ACTION ITEM:
Retype every entry precisely and keep each line whole.

* * * * *

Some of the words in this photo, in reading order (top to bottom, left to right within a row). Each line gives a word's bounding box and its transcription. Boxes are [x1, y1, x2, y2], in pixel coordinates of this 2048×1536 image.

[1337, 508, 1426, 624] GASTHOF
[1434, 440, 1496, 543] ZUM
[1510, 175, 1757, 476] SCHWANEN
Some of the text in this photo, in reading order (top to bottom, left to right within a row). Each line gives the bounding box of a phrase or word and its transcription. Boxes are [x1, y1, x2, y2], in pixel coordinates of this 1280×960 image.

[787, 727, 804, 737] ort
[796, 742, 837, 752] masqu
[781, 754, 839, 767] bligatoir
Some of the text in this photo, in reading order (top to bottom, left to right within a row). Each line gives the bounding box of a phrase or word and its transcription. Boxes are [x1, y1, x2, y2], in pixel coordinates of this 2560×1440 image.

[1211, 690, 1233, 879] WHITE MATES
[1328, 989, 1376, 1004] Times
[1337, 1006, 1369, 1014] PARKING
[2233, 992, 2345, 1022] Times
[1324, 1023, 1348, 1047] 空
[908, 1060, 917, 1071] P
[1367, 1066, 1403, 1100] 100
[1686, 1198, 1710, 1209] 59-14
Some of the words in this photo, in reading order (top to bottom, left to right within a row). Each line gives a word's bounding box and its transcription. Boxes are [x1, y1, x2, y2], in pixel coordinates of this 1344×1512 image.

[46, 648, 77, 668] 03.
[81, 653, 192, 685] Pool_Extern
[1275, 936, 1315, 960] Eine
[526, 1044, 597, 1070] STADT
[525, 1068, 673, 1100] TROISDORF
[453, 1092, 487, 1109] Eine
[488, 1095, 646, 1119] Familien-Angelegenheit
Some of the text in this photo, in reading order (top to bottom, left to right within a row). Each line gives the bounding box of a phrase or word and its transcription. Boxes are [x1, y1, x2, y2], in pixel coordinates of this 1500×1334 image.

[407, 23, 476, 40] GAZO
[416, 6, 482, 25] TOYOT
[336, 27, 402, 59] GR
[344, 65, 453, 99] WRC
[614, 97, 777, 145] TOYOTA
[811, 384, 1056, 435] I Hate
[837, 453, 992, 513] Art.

* * * * *

WRITTEN SOLUTION:
Some of the words in this photo, in reading order (top to bottom, left to right within a row). Each line gives a word's bounding box and its transcription. Boxes are [x1, y1, x2, y2], in pixel coordinates of this 2048×1536 image.

[1337, 508, 1426, 624] GASTHOF
[1434, 440, 1496, 543] ZUM
[1510, 175, 1757, 476] SCHWANEN
Some of the text in this photo, in reading order (top to bottom, left to right within a row). Each line gives the bounding box of a phrase or word and its transcription. Boxes are [x1, y1, x2, y2], in pixel coordinates of this 1280×960 image.

[787, 727, 804, 737] ort
[796, 742, 837, 752] masqu
[781, 754, 839, 767] bligatoir
Some of the text in this photo, in reading order (top to bottom, left to right within a row). Each line gives the bounding box of a phrase or word and its transcription. Boxes are [x1, y1, x2, y2], in pixel coordinates of this 2560×1440 image.

[1211, 690, 1233, 879] WHITE MATES
[1328, 989, 1376, 1004] Times
[1337, 1006, 1369, 1014] PARKING
[2233, 992, 2345, 1022] Times
[1324, 1023, 1348, 1047] 空
[908, 1060, 917, 1071] P
[1367, 1066, 1403, 1100] 100
[1686, 1198, 1710, 1209] 59-14
Some of the words in this photo, in reading order (top to bottom, left to right within a row). Each line gives a word's bounding box and its transcription. Boxes are [x1, y1, x2, y2], in pixel coordinates of this 1344×1512 image.

[46, 648, 77, 668] 03.
[81, 653, 192, 685] Pool_Extern
[1275, 936, 1315, 960] Eine
[526, 1044, 597, 1070] STADT
[525, 1068, 673, 1100] TROISDORF
[453, 1092, 487, 1109] Eine
[488, 1095, 646, 1119] Familien-Angelegenheit
Some of the text in this photo, in reading order (top to bottom, left to right within a row). Each line gives the bounding box of a phrase or word and its transcription. Boxes are [x1, y1, x2, y2], in pixel coordinates of this 1500×1334 image.

[407, 23, 476, 40] GAZO
[416, 6, 482, 25] TOYOT
[336, 27, 402, 59] GR
[344, 65, 453, 99] WRC
[614, 97, 777, 145] TOYOTA
[811, 384, 1056, 435] I Hate
[837, 453, 992, 513] Art.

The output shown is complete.